WORK INSTRUCTIONS » The data below should be restated word for word, pictures omitted.

DATA EXTRACT »
-- Opening Marker --

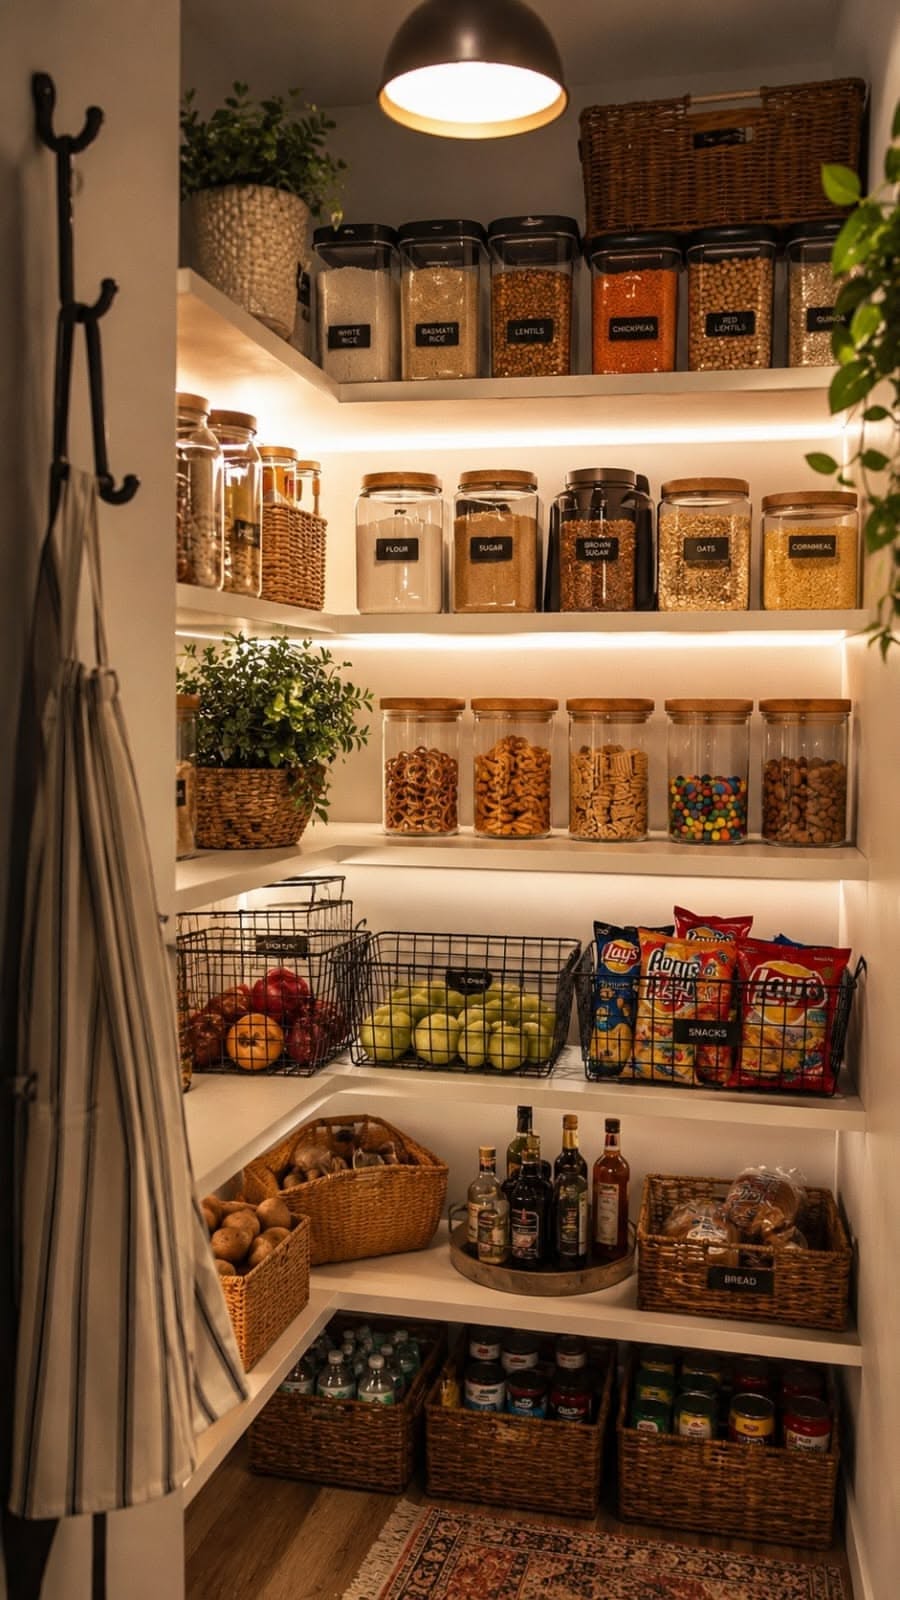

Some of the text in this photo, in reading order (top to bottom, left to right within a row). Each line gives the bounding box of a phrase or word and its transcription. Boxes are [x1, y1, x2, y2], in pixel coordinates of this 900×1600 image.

[722, 316, 738, 324] RED
[338, 328, 361, 336] WHITE
[421, 327, 454, 335] BASMATI
[515, 328, 544, 336] LENTILS
[612, 324, 654, 333] CHICKPEAS
[714, 324, 746, 333] LENTILS
[341, 336, 358, 344] RICE
[428, 335, 445, 343] RICE
[385, 545, 409, 553] FLOUR
[479, 544, 503, 552] SUGAR
[584, 541, 611, 549] BROWN
[696, 545, 716, 553] OATS
[791, 543, 832, 551] CORNMEAL
[585, 548, 609, 556] SUGAR
[688, 1028, 728, 1038] SNACKS
[724, 1274, 757, 1286] BREAD

-- Closing Marker --

REPLY TO THE TASK »
Some of the text in this photo, in reading order (top to bottom, left to right within a row). Each line gives the bounding box of a phrase or word and its transcription. Boxes are [x1, y1, x2, y2], in pixel coordinates of this 900×1600 image.

[722, 316, 738, 324] RED
[338, 328, 361, 336] WHITE
[421, 327, 454, 335] BASMATI
[515, 328, 544, 336] LENTILS
[612, 324, 654, 333] CHICKPEAS
[714, 324, 746, 333] LENTILS
[341, 336, 358, 344] RICE
[428, 335, 445, 343] RICE
[385, 545, 409, 553] FLOUR
[479, 544, 503, 552] SUGAR
[584, 541, 611, 549] BROWN
[696, 545, 716, 553] OATS
[791, 543, 832, 551] CORNMEAL
[585, 548, 609, 556] SUGAR
[688, 1028, 728, 1038] SNACKS
[724, 1274, 757, 1286] BREAD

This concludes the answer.